The first step upon taking a snake bite is to identify the snake. Here are some hints to identify venomous snakes. If you did not get a good look at the snake, you can usually identify it by the wound. The classic 1-2 puncture wounds indicate a bite from a Pit Viper, while several tiny pin-pricks point towards a non-venomous species. A Pit Viper can sometimes (but rarely) leave up to 3 or 4 punctures because their 2 fangs might have been in the process of replacing themselves in cycles, like sharks. Do not go looking for the snake if you did not identify it. You are putting yourself at risk for another bite and it wastes valuable time. Most doctors can figure out what bit you depending on animal range.
The best tool for a venomous snake bite is a pair of car keys. The reason for the few fatal bites a year is because people delay treatment- intentionally or perhaps because they’re out a far distance from any antivenom. There is no other way to stop the venom than to get the victim to a hospital.
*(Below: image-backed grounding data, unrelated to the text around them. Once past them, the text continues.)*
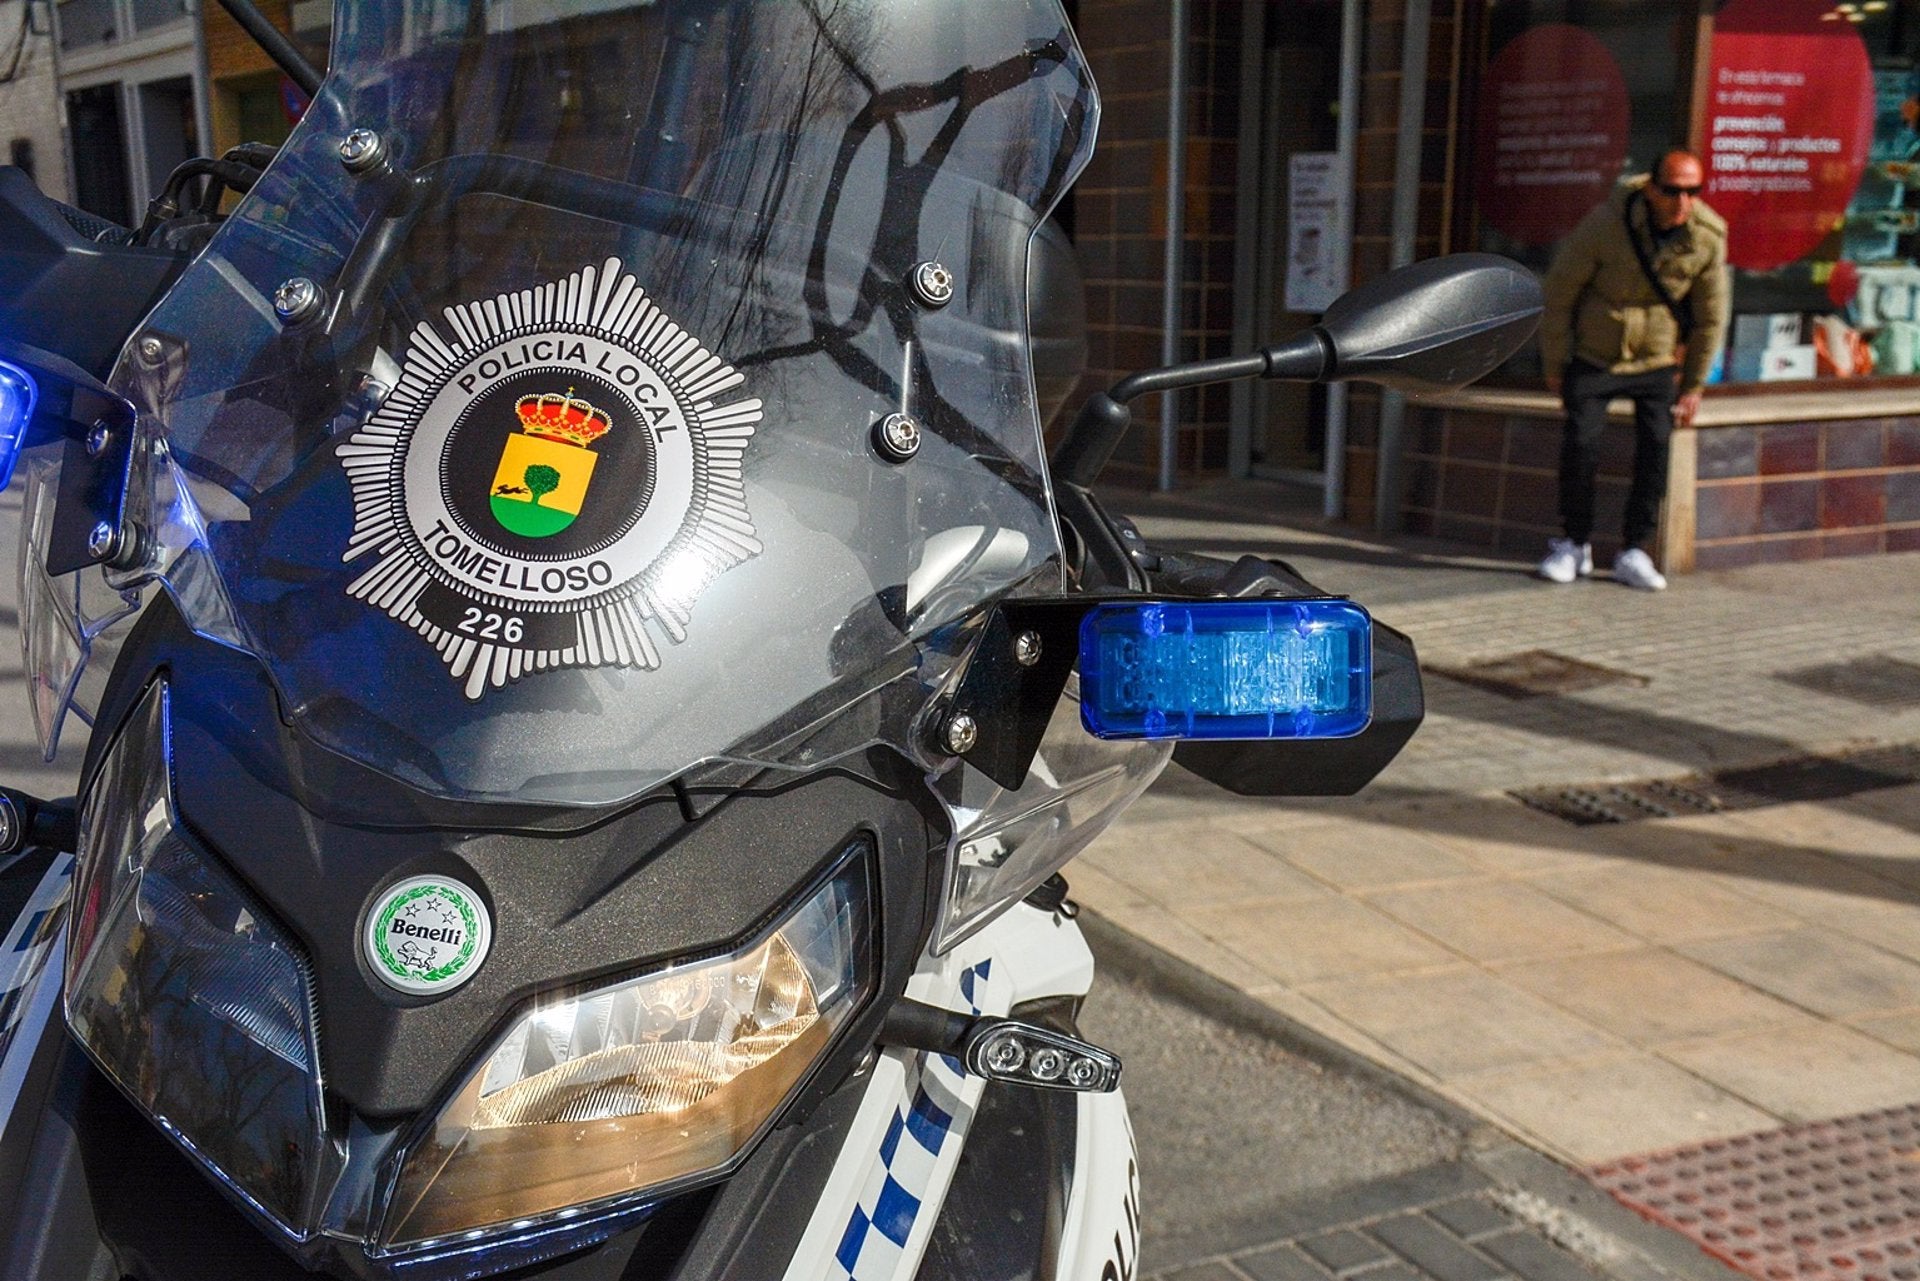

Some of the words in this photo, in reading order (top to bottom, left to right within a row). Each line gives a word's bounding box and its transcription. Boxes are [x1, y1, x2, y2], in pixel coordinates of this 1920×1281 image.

[457, 339, 588, 395] POLICIA
[600, 348, 679, 444] LOCAL
[422, 518, 613, 594] TOMELLOSO
[457, 607, 524, 643] 226
[391, 918, 462, 946] Benelli
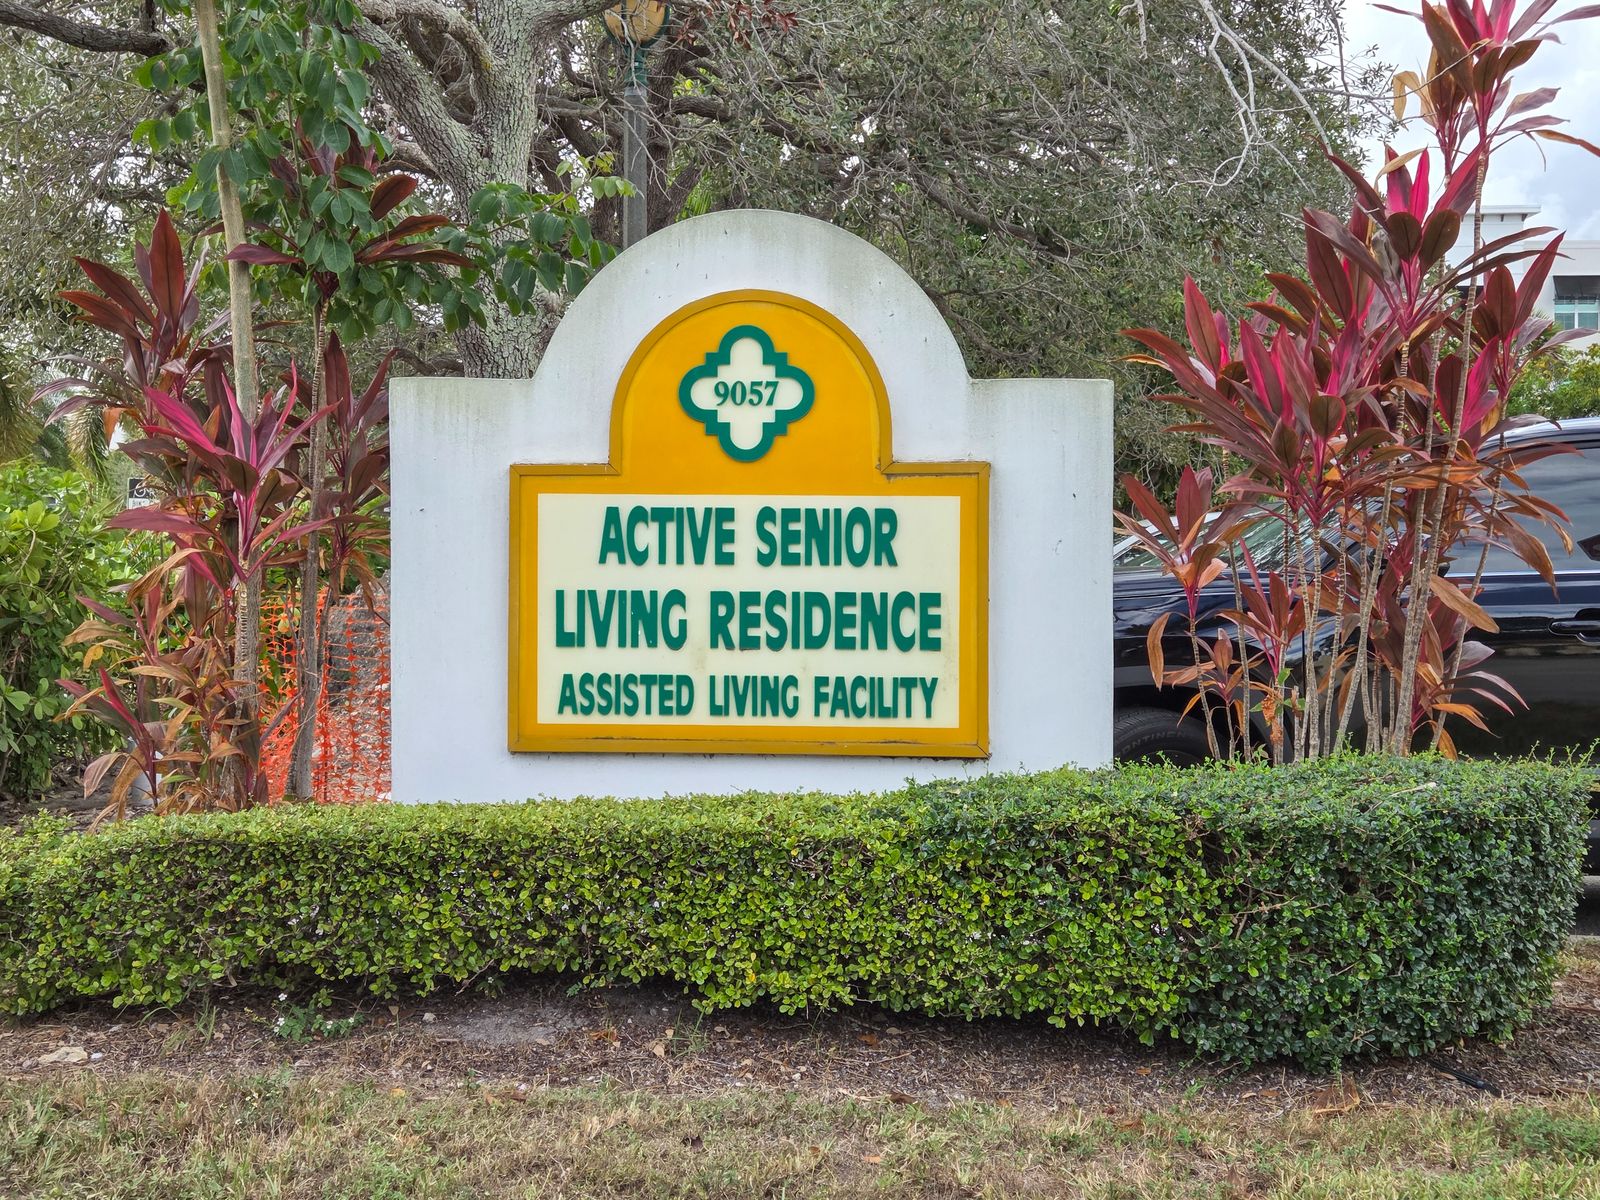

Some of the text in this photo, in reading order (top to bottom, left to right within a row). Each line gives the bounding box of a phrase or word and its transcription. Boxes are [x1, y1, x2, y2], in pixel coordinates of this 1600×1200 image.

[714, 381, 779, 406] 9057
[599, 506, 898, 567] ACTIVE SENIOR
[555, 589, 942, 651] LIVING RESIDENCE
[558, 673, 938, 718] ASSISTED LIVING FACILITY
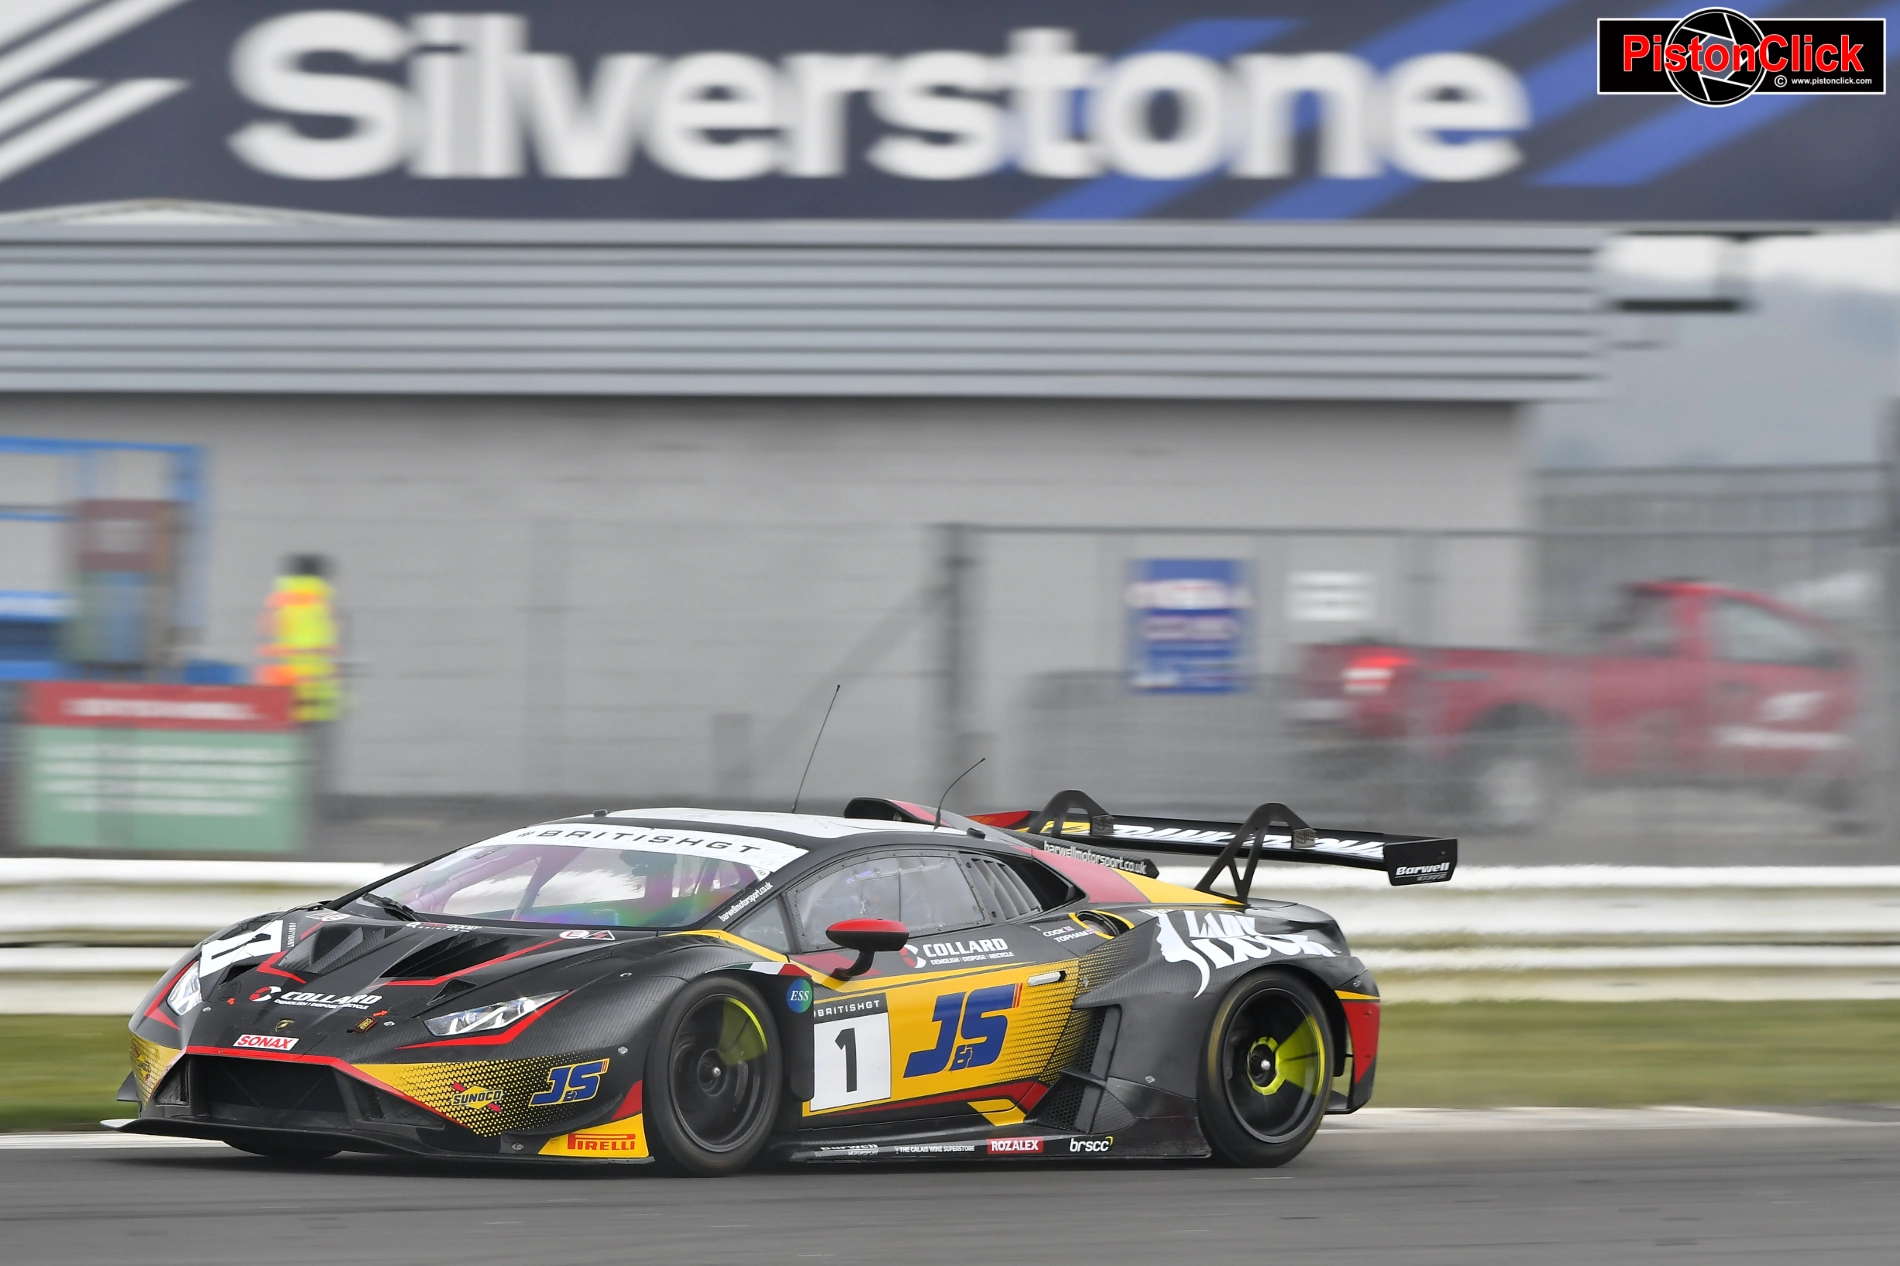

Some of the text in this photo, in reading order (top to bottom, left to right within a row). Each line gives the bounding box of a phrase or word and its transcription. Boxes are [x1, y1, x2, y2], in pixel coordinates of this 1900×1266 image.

[226, 10, 1532, 181] Silverstone
[1043, 840, 1148, 875] barwellmotorsport.co.uk
[1395, 862, 1451, 876] Barwell
[1043, 928, 1067, 937] COOK
[922, 938, 1009, 958] COLLARD
[280, 991, 383, 1005] COLLARD
[789, 990, 810, 1001] ESS
[237, 1035, 293, 1050] SONAX
[834, 1027, 858, 1093] 1
[453, 1090, 502, 1105] SUNOCO
[567, 1133, 636, 1151] PIRELLI
[991, 1140, 1040, 1151] ROZALEX
[1069, 1138, 1110, 1152] brscc
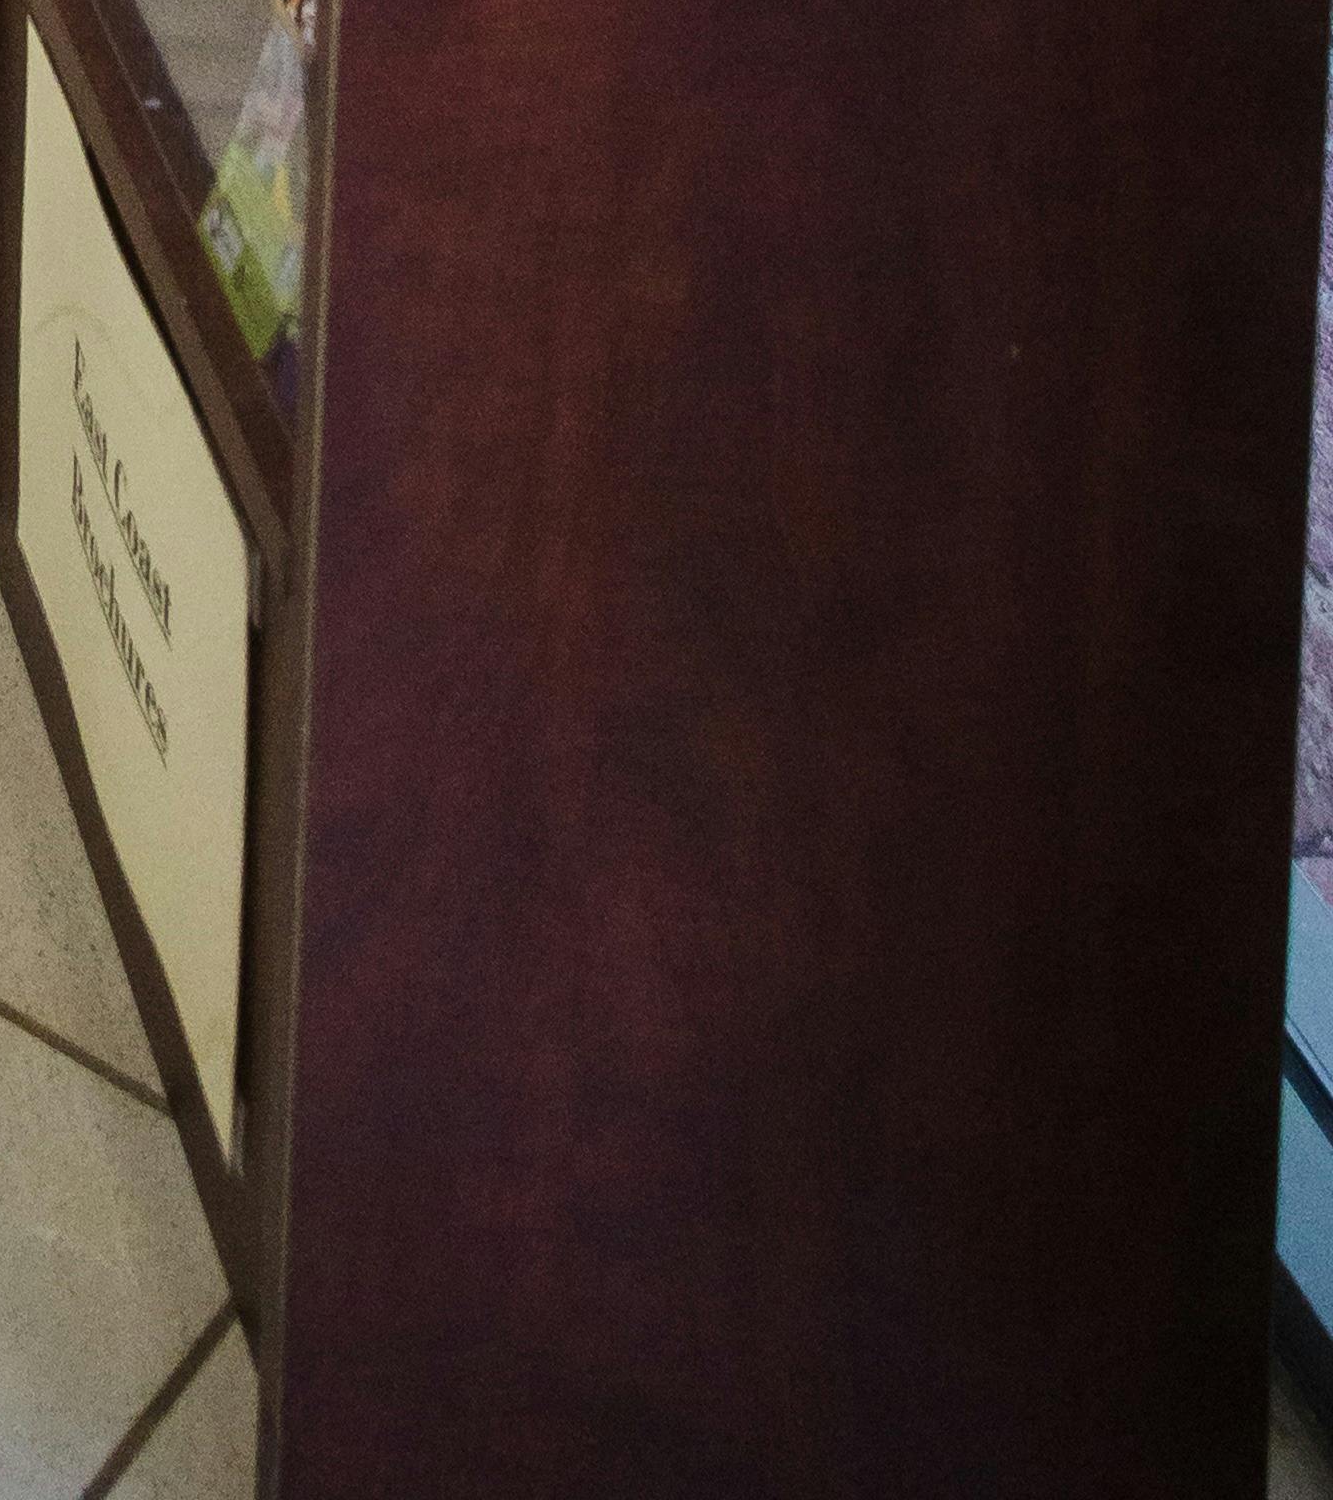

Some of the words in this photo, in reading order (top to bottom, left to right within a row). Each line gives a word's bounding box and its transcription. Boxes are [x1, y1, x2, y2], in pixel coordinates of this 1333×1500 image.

[71, 446, 169, 758] Brochures
[73, 335, 108, 484] East
[114, 458, 173, 640] Coast
Venom is not like poison. It is more comparable to our own digestive enzymes. Venoms of the pit viper contain peptides and proteins. The venom leads to damage of vascular cells and red blood cells. It damages muscle and is responsible for tissue death. It might not kill you but it can certainly leave you lacking a finger or two. Coral snake venom is primarily a neurotoxin and can cause repiratory depression or arrest. Coral Snake venom is generally slower-acting than pit viper venom, but can kill 4 to 5 adults. Dry bites, bites without injected venom, account for about 20-30% of all snakebites.
Don’t wrap a band around the arm to restrict circulation- more people lose the limb to restriction of blood flow than the venom itself, it is safer to leave it off unless you are trained in a medical profession. It is better to have the victim lay down, if possible. A splint is important to immobilizing the extremity, but do not elevate above the heart. Try to keep them calm- this is near impossible, but try to keep in mind that very few people in the united states actually die from native snake bites. The estimated chances of dying from a snakebite in the outdoors is approximately 1:10 million.
Be aware of typcial signs of envenomation- bites by most pit vipers rapidly cause pain. Redness and swelling usually follow within 20 to 30 minutes and can affect the entire leg or arm within several hours. People bitten by a rattlesnake may experience tingling and numbness in the fingers and toes or around the mouth, and a metallic or rubbery taste.